[[ Supplied material, beginning ]]

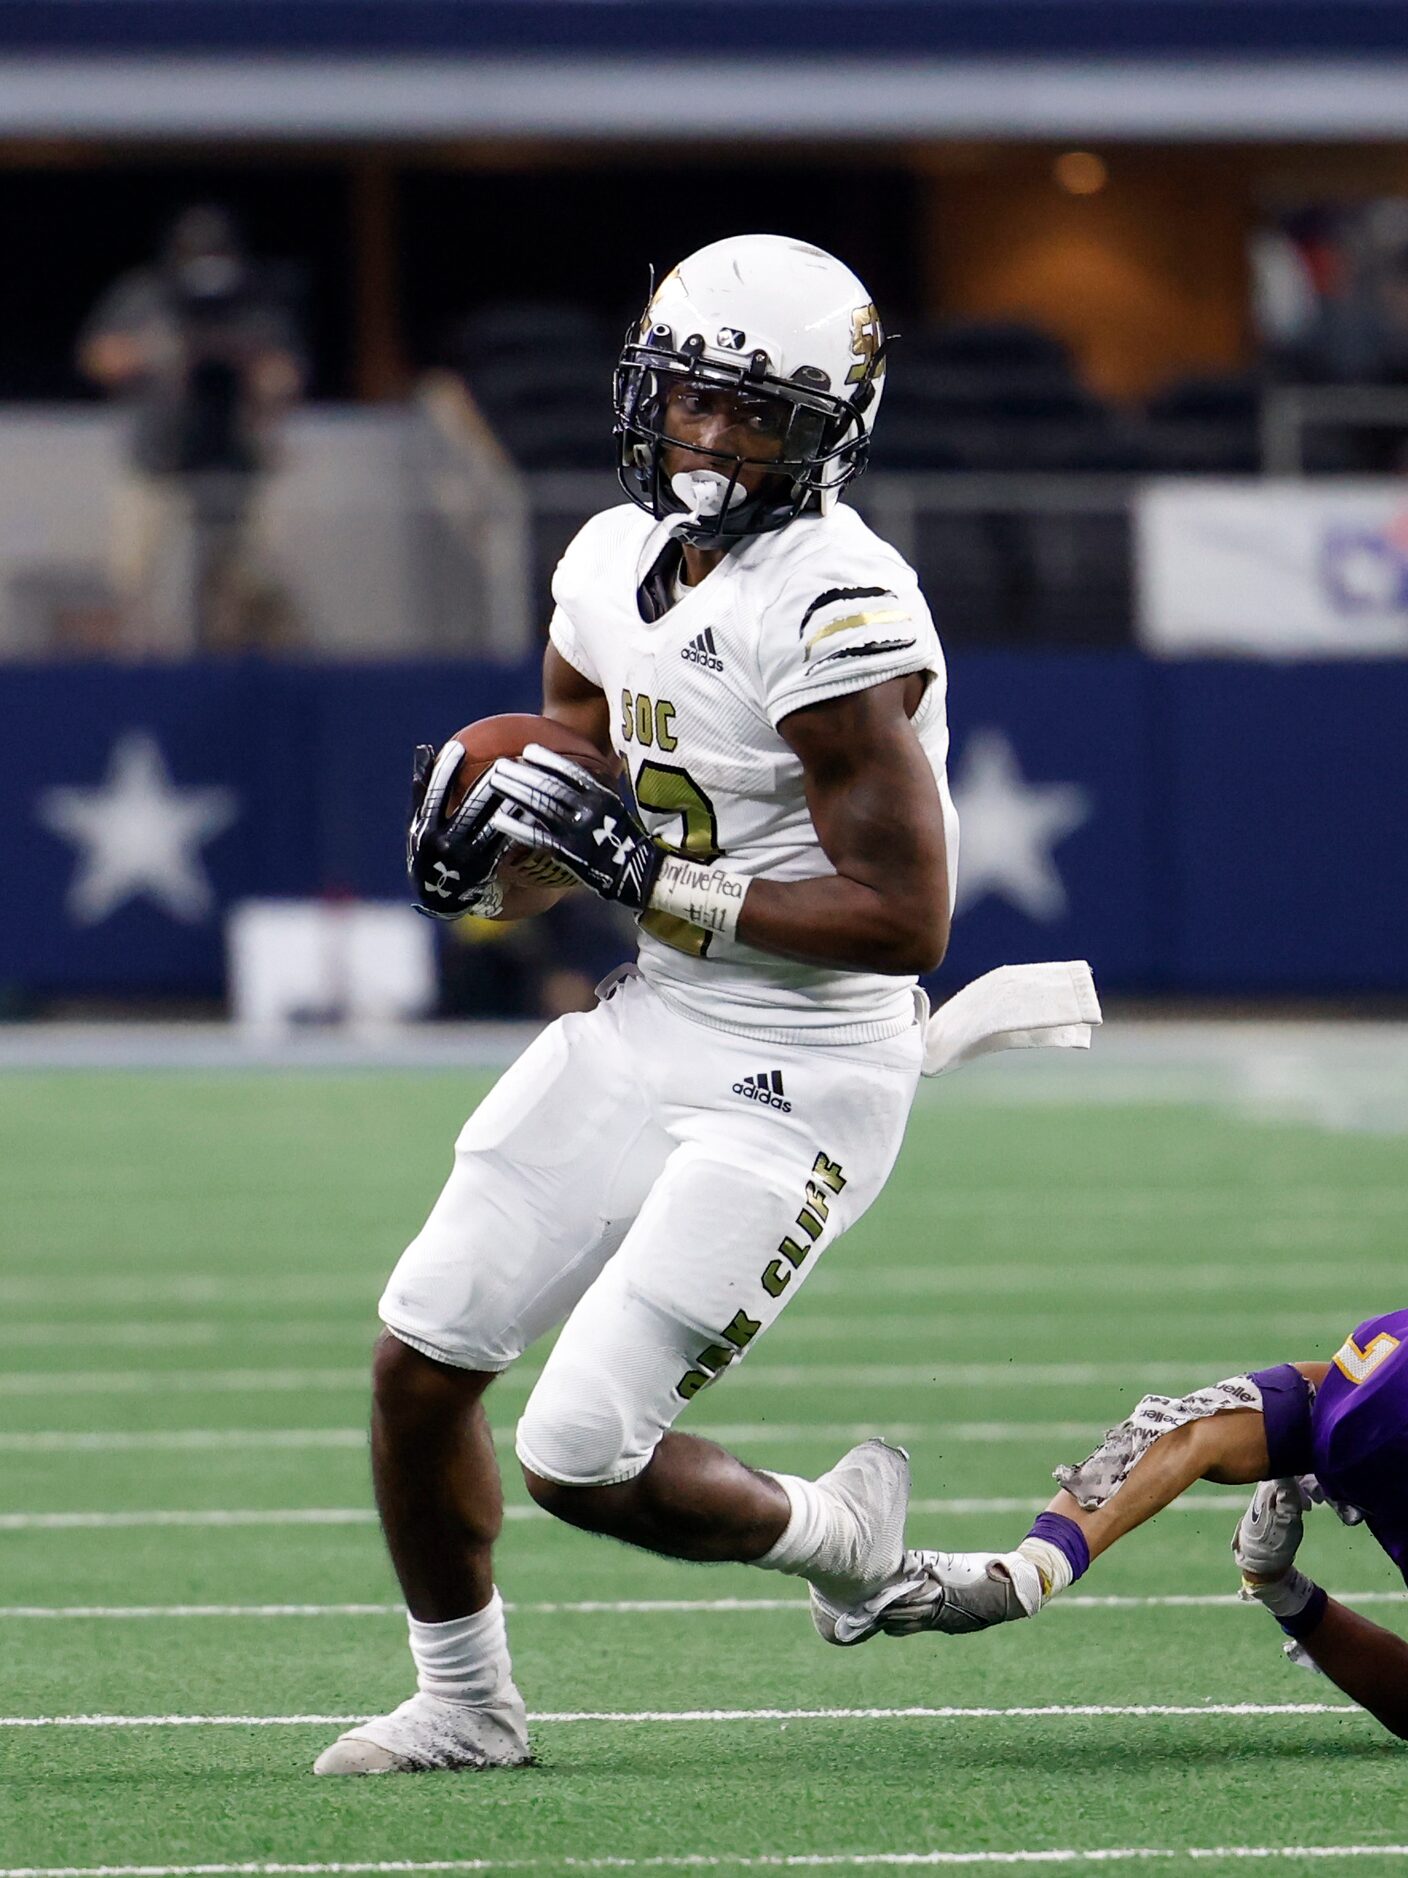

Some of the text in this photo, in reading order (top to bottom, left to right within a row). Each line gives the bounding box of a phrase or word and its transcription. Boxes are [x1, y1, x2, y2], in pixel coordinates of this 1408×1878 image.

[680, 648, 724, 673] adidas
[621, 688, 678, 753] SOC
[732, 1083, 792, 1113] adidas
[761, 1152, 848, 1299] CLIFF
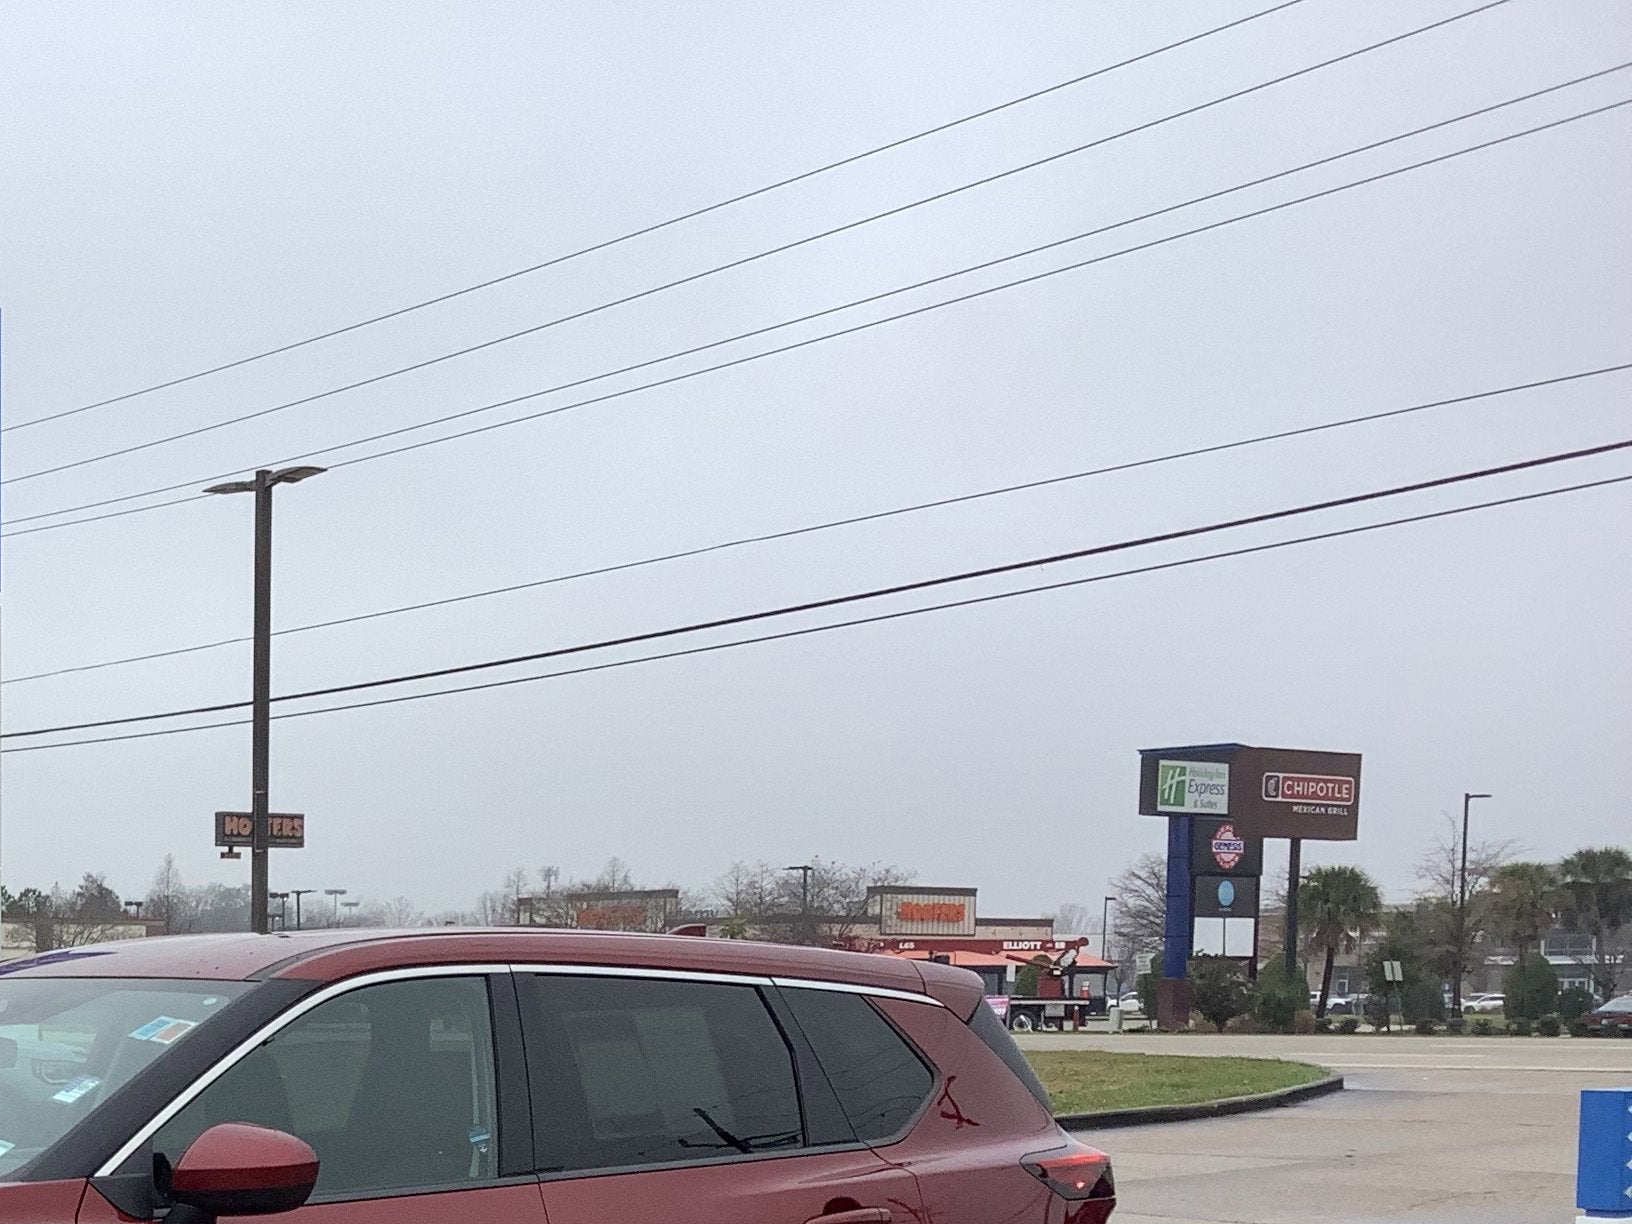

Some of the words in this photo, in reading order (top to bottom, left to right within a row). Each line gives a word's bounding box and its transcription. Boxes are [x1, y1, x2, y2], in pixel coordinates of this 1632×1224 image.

[1188, 778, 1225, 797] Express
[1283, 780, 1350, 798] CHIPOTLE
[1292, 805, 1325, 814] MEXICAN
[1327, 806, 1348, 816] GRILL
[224, 815, 303, 838] HOERS
[1002, 941, 1043, 950] ELLIOTT
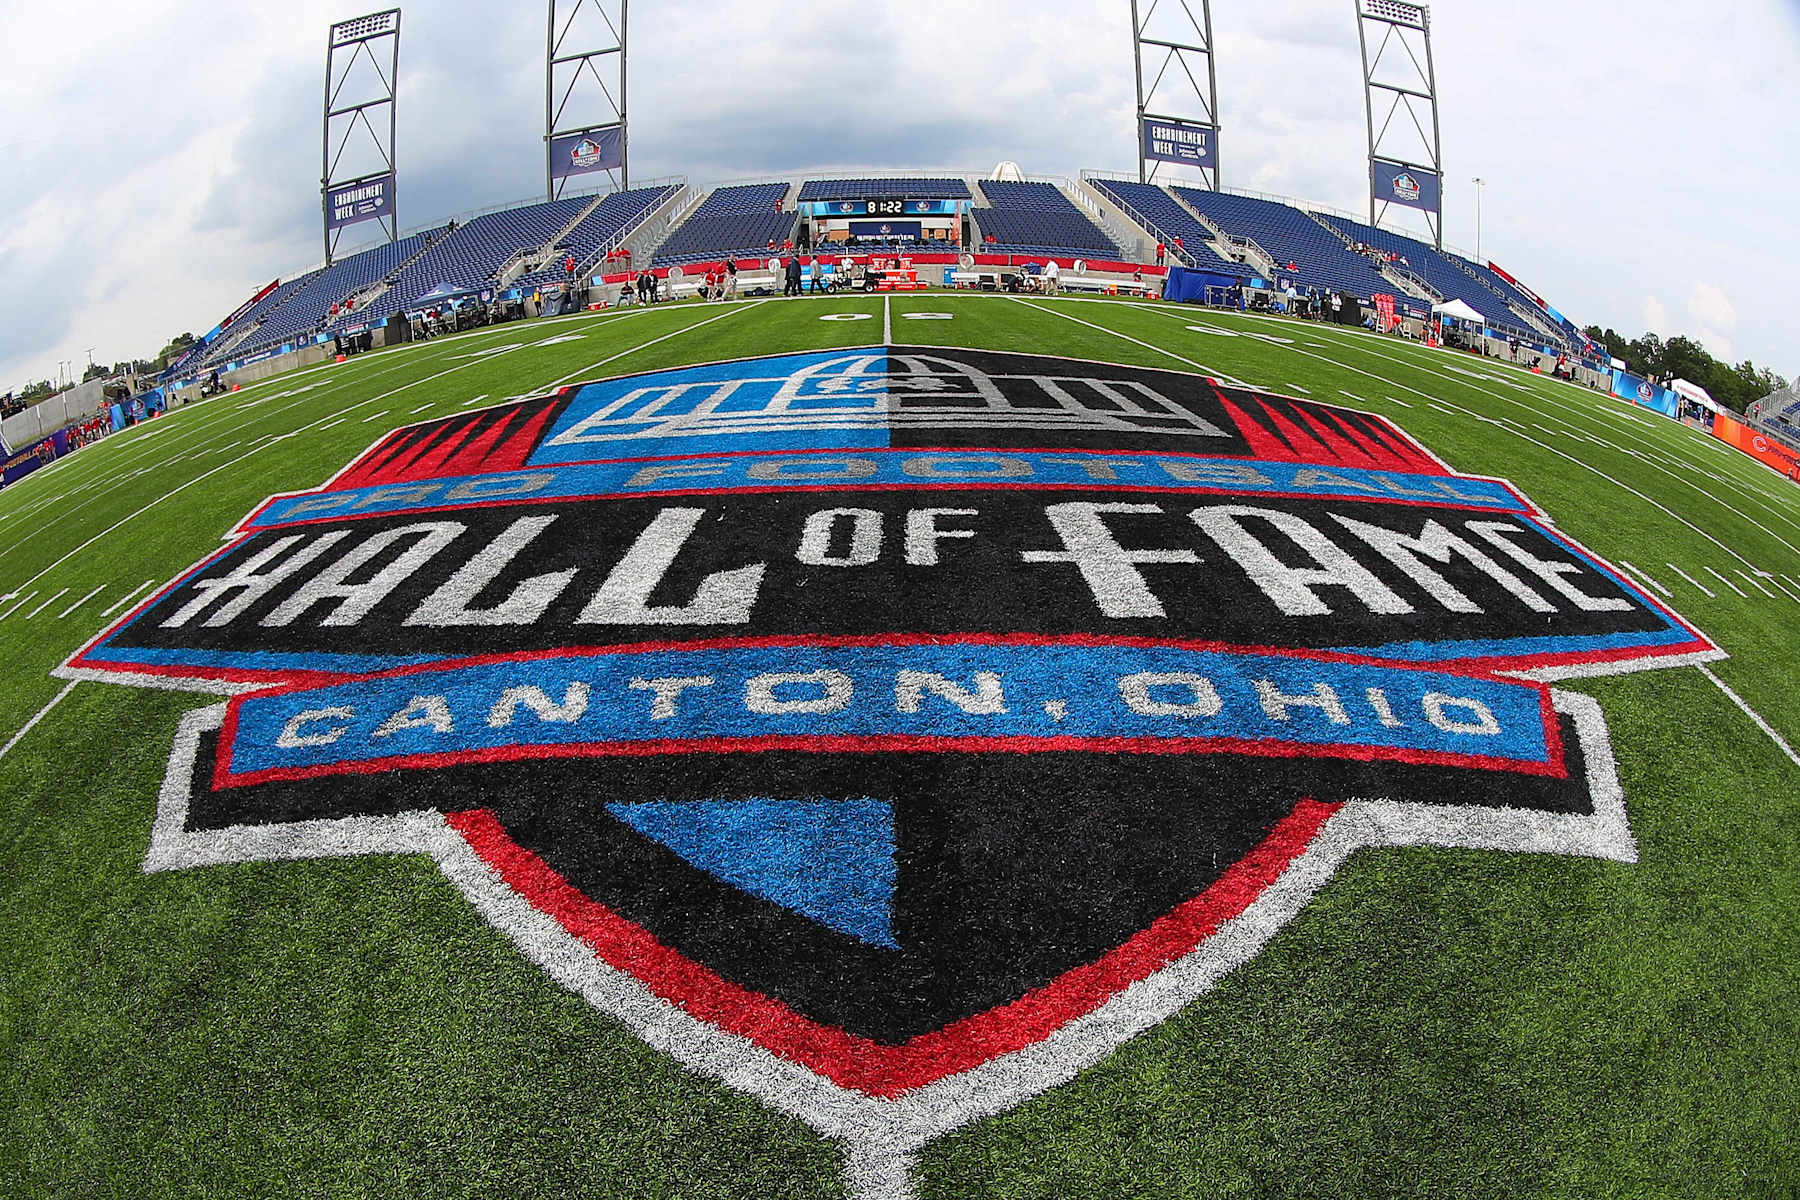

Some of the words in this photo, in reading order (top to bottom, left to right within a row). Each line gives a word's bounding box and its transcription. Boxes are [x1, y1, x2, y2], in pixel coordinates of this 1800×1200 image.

[1152, 140, 1174, 155] WEEK
[335, 205, 354, 220] WEEK
[868, 201, 876, 213] 8
[880, 201, 902, 213] 1:22
[279, 473, 556, 519] PRO
[623, 458, 1504, 502] FOOTBALL
[158, 507, 767, 629] HALL
[796, 507, 979, 567] OF
[1019, 501, 1636, 619] FAME
[1118, 669, 1501, 736] OHIO

[[ Supplied material, end ]]

Restate precisely, and with nothing added, the lines from the one with "this 1800×1200 image." through the final line of the material.

Some of the words in this photo, in reading order (top to bottom, left to right within a row). Each line gives a word's bounding box and its transcription. Boxes are [x1, y1, x2, y2], in pixel coordinates of this 1800×1200 image.

[1152, 140, 1174, 155] WEEK
[335, 205, 354, 220] WEEK
[868, 201, 876, 213] 8
[880, 201, 902, 213] 1:22
[279, 473, 556, 519] PRO
[623, 458, 1504, 502] FOOTBALL
[158, 507, 767, 629] HALL
[796, 507, 979, 567] OF
[1019, 501, 1636, 619] FAME
[1118, 669, 1501, 736] OHIO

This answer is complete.